Artikel 19 De periode waarvoor de tegemoetkoming wordt verleend

  • 1.

    De tegemoetkoming wordt verleend voor de periode van een tegemoetkomingsjaar.

  • 2.

    In afwijking van het eerste lid kan het college de tegemoetkoming voor een andere periode verlenen.

Artikel 20 Betaling

  • 1. De vergoeding wordt rechtstreeks betaald aan de ouder op voorwaarde dat deze een bewijs van betaling van kosten van kinderopvang kan overleggen.

  • 2. Het college kan op verzoek van de ouder een andere betaalwijze dan in lid 1 genoemd toestaan.

Artikel 21 Afwijking

  • 1. Het college kan in bijzondere gevallen afwijken van het bepaalde in deze regeling.

  • 2. In alle gevallen waarin deze regeling niet voorziet of onduidelijk is besluit

    het college en treffen zij zo nodig voor voorzieningen.

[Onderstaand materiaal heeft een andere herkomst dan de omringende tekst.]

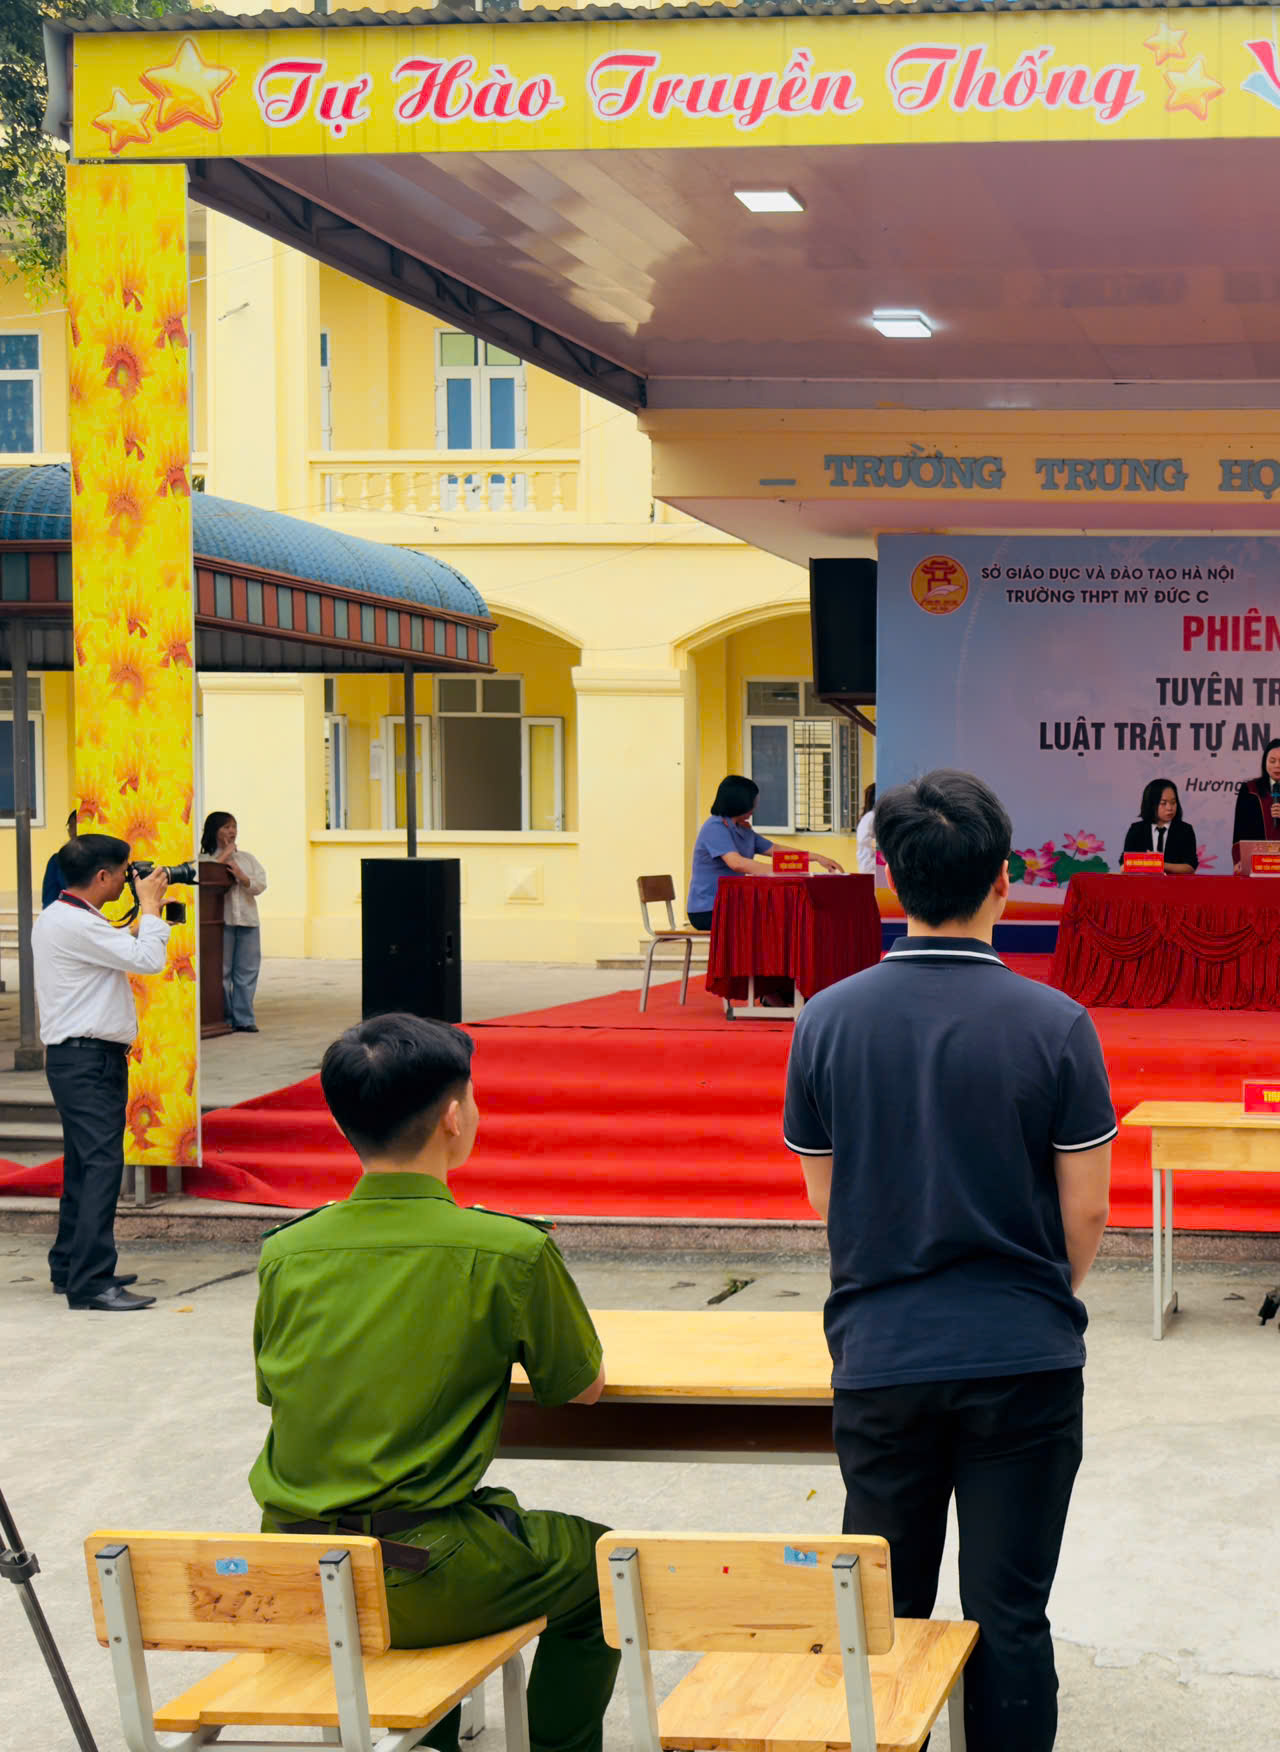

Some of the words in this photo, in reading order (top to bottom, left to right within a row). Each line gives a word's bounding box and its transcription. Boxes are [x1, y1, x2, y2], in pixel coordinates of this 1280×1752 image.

[258, 61, 369, 134] Tự
[396, 59, 561, 119] Hào
[590, 51, 860, 126] Truyền
[889, 46, 1141, 120] Thống
[823, 443, 1006, 489] TRƯỜNG
[1035, 457, 1189, 491] TRUNG
[981, 564, 1002, 580] SỞ
[1006, 565, 1045, 580] GIÁO
[1049, 567, 1081, 584] DỤC
[1085, 564, 1106, 580] VÀ
[1110, 564, 1144, 580] ĐÀO
[1148, 567, 1178, 584] TẠO
[1182, 564, 1204, 580] HÀ
[1208, 564, 1235, 584] NỘI
[1006, 586, 1075, 604] TRƯỜNG
[1080, 590, 1118, 604] THPT
[1124, 586, 1149, 604] MỸ
[1154, 585, 1191, 604] ĐỨC
[1196, 590, 1210, 604] C
[1156, 671, 1243, 706] TUYÊN
[1039, 716, 1106, 757] LUẬT
[1114, 716, 1181, 758] TRẬT
[1190, 719, 1227, 758] TỰ
[1231, 722, 1271, 752] AN

HOOFDSTUK 4: SLOTBEPALINGEN

Artikel 22 Inlichtingenplicht

  • 1.

    De ouder of de partner doet het college onmiddellijk na het bekend worden daarvan uit eigen beweging schriftelijk mededeling van inlichtingen en gegevens die kunnen leiden tot de vaststelling van een lagere tegemoet- koming.

  • 2.

    De ouder of partner verstrekt desgevraagd aan het college, binnen een door het college te stellen redelijke termijn, alle gegevens en inlichtingen van hem en zijn partner die voor de aanspraak op en de hoogte van de tegemoetkoming van de gemeente van belang zijn.

Artikel 23 Inwerkingtreding

Deze verordening treedt in werking op de eerste dag na haar bekendmaking.

Artikel 24 Citeertitel

De verordening wordt aangehaald als: Verordening Wet Kinderopvang Veldhoven 2011.